• [Your goal]
What is needed is an exact reproduction of the listing, without its pictures.

▼

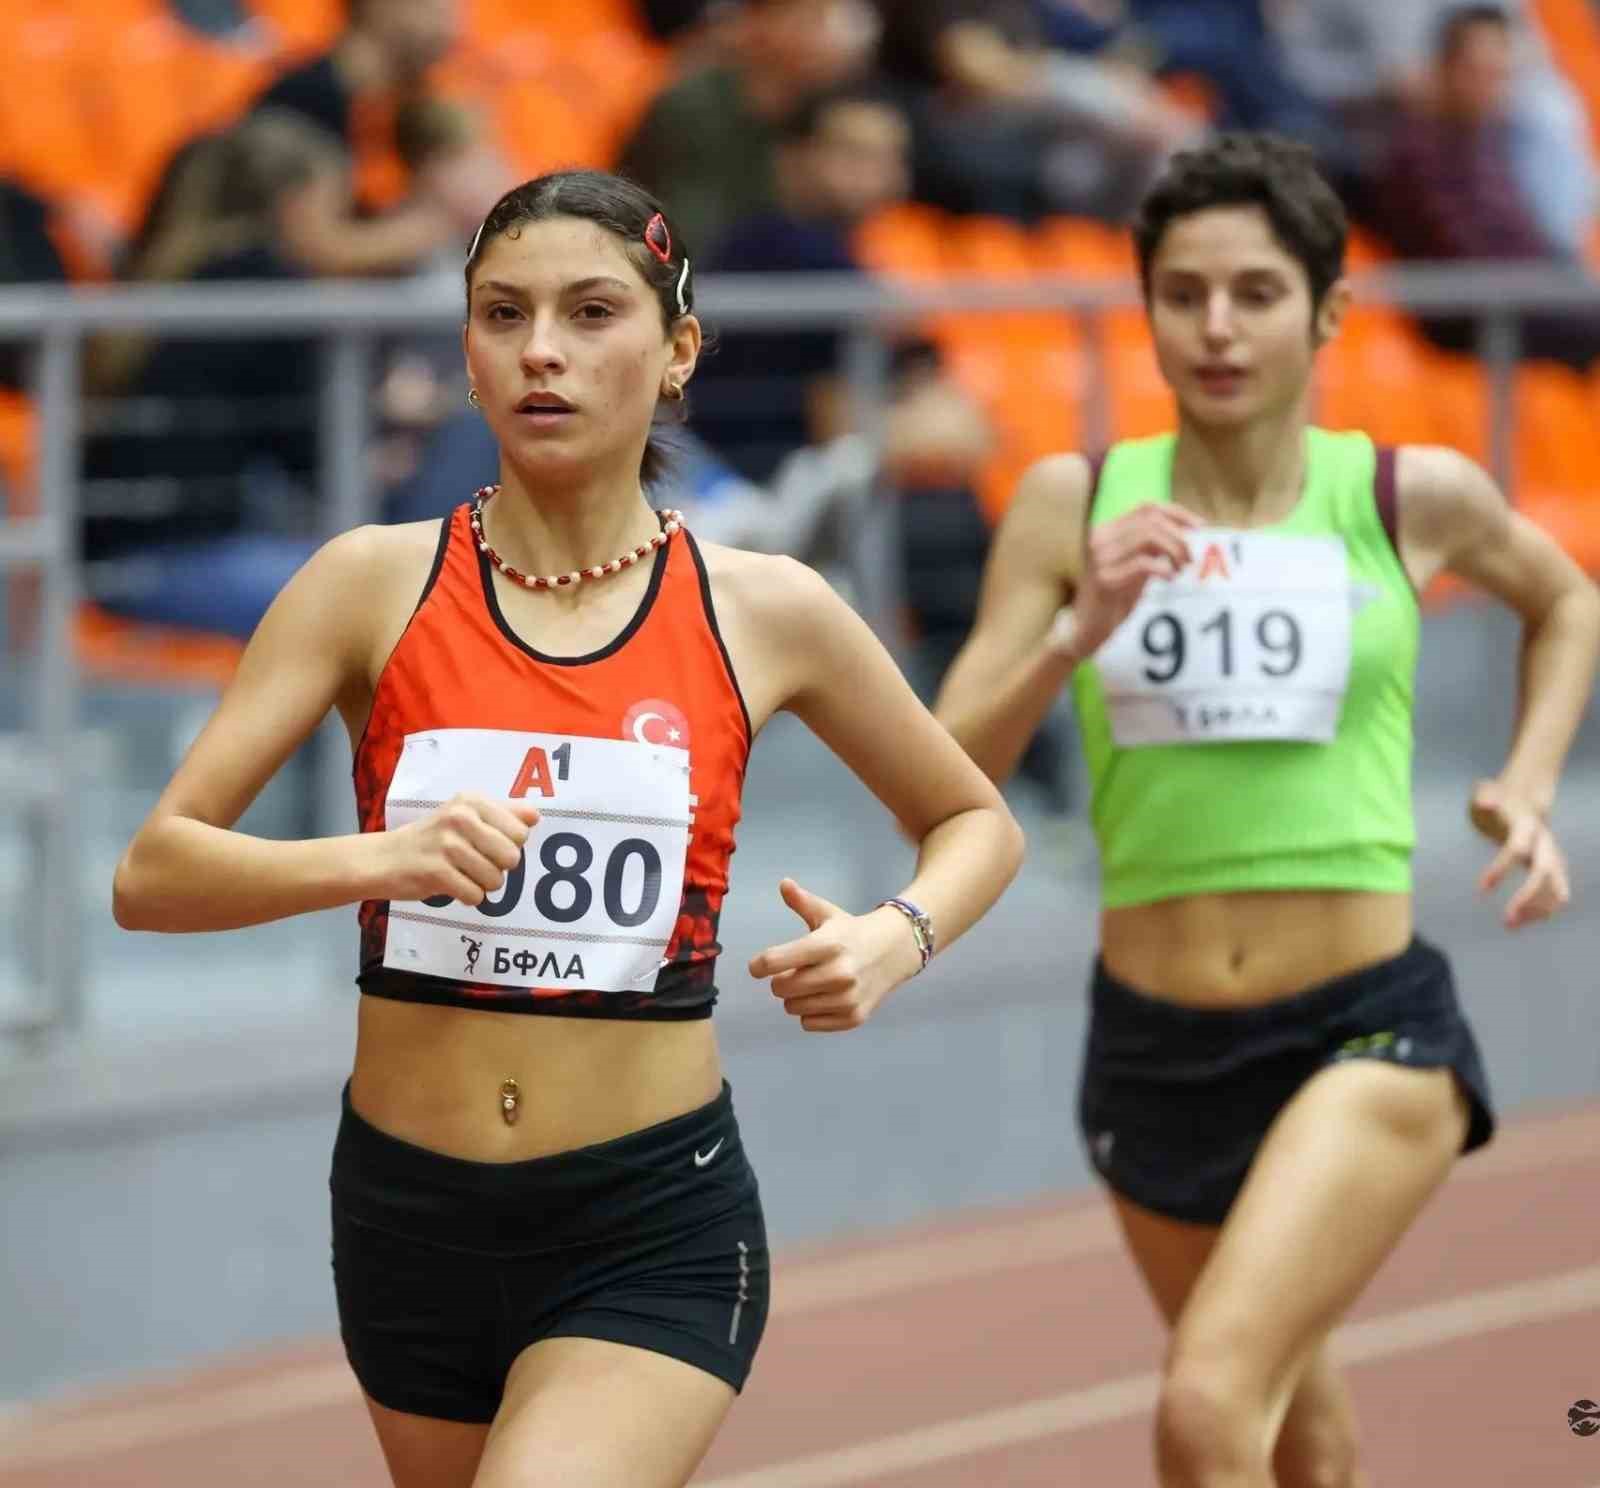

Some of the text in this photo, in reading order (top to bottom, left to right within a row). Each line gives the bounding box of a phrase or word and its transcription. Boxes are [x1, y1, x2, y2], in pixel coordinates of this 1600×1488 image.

[1141, 607, 1303, 684] 919
[508, 742, 572, 799] A1
[420, 832, 662, 927] 080
[493, 947, 585, 979] БФЛА
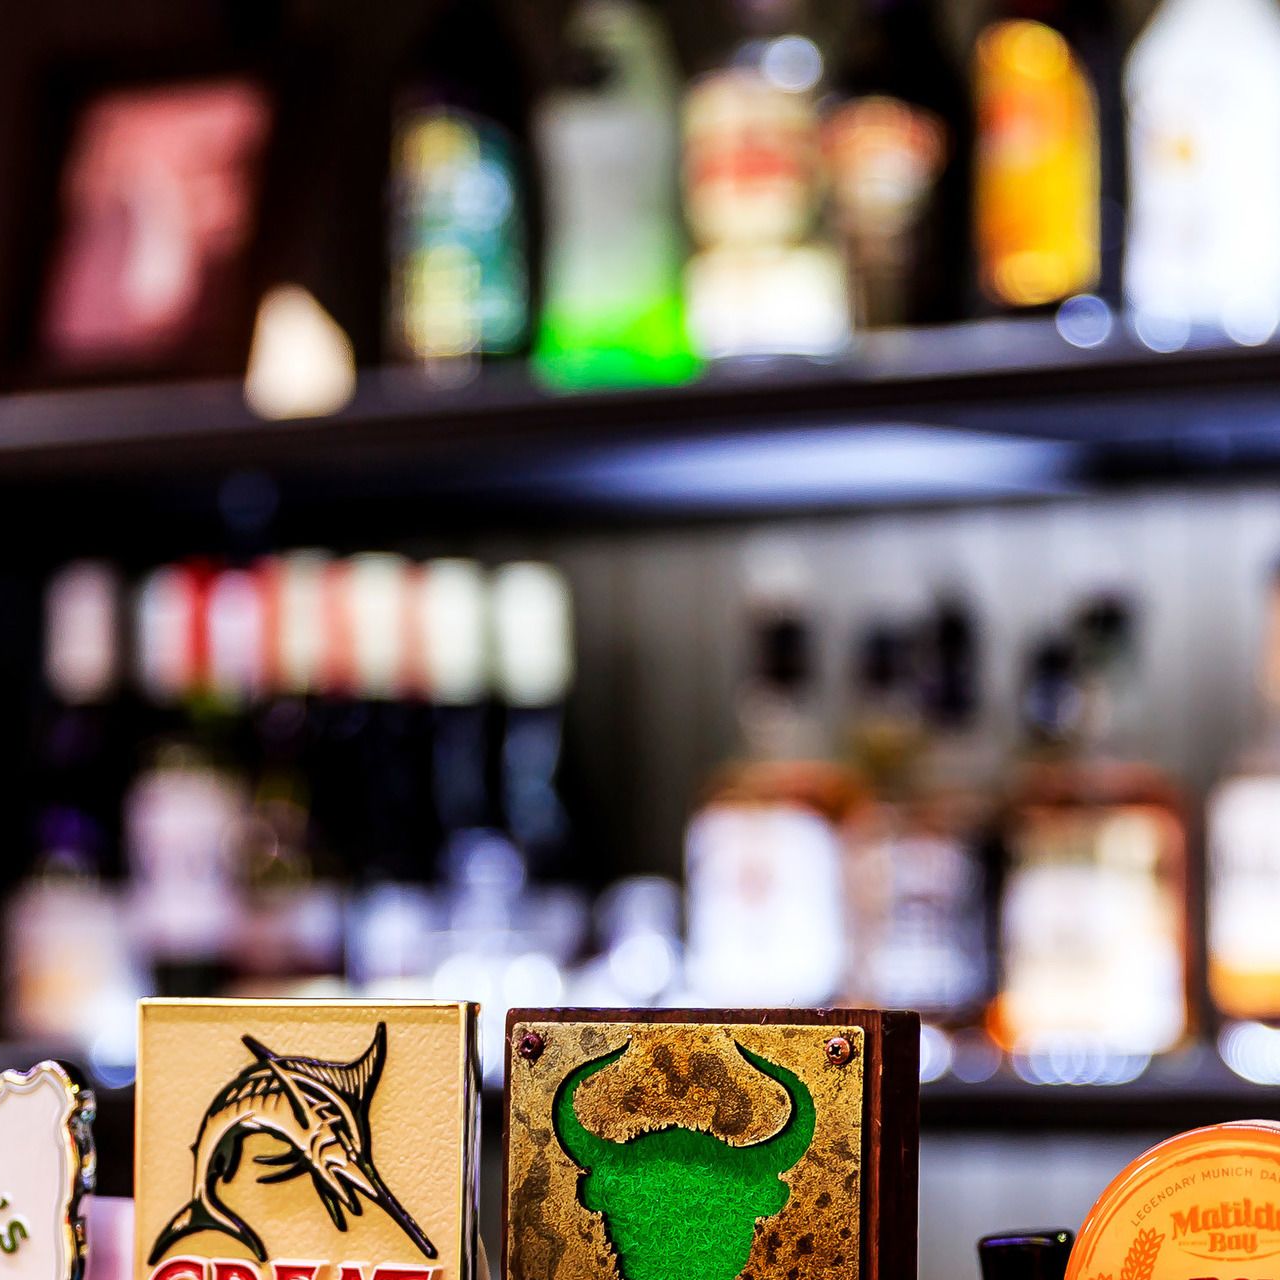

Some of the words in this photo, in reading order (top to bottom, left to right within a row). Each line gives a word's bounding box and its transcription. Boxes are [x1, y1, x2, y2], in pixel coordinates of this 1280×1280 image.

[1131, 1175, 1197, 1228] LEGENDARY
[1201, 1167, 1253, 1181] MUNICH
[1208, 1231, 1259, 1254] Bay

▲

• [Task output]
Some of the text in this photo, in reading order (top to bottom, left to right within a row). Each line gives the bounding box of a phrase or word and its transcription. Boxes are [x1, y1, x2, y2], in pixel coordinates of this 1600×1488 image.

[1141, 607, 1303, 684] 919
[508, 742, 572, 799] A1
[420, 832, 662, 927] 080
[493, 947, 585, 979] БФЛА

Some of the words in this photo, in reading order (top to bottom, left to right within a row). Each line gives a word's bounding box and its transcription. Boxes are [x1, y1, x2, y2], in pixel coordinates of this 1280×1280 image.

[1131, 1175, 1197, 1228] LEGENDARY
[1201, 1167, 1253, 1181] MUNICH
[1208, 1231, 1259, 1254] Bay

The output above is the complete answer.